*** Begin section ***

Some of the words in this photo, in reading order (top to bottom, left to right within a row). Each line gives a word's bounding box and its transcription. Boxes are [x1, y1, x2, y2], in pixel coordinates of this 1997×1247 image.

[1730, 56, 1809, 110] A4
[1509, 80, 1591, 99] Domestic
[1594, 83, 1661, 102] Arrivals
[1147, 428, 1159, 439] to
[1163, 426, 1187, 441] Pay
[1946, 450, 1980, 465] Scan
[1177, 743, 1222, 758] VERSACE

*** End section ***

> **TASK BRIEF**: All records above are to be returned exactly as given.

> **EXERCISE RESULT**:
Some of the words in this photo, in reading order (top to bottom, left to right within a row). Each line gives a word's bounding box and its transcription. Boxes are [x1, y1, x2, y2], in pixel coordinates of this 1997×1247 image.

[1730, 56, 1809, 110] A4
[1509, 80, 1591, 99] Domestic
[1594, 83, 1661, 102] Arrivals
[1147, 428, 1159, 439] to
[1163, 426, 1187, 441] Pay
[1946, 450, 1980, 465] Scan
[1177, 743, 1222, 758] VERSACE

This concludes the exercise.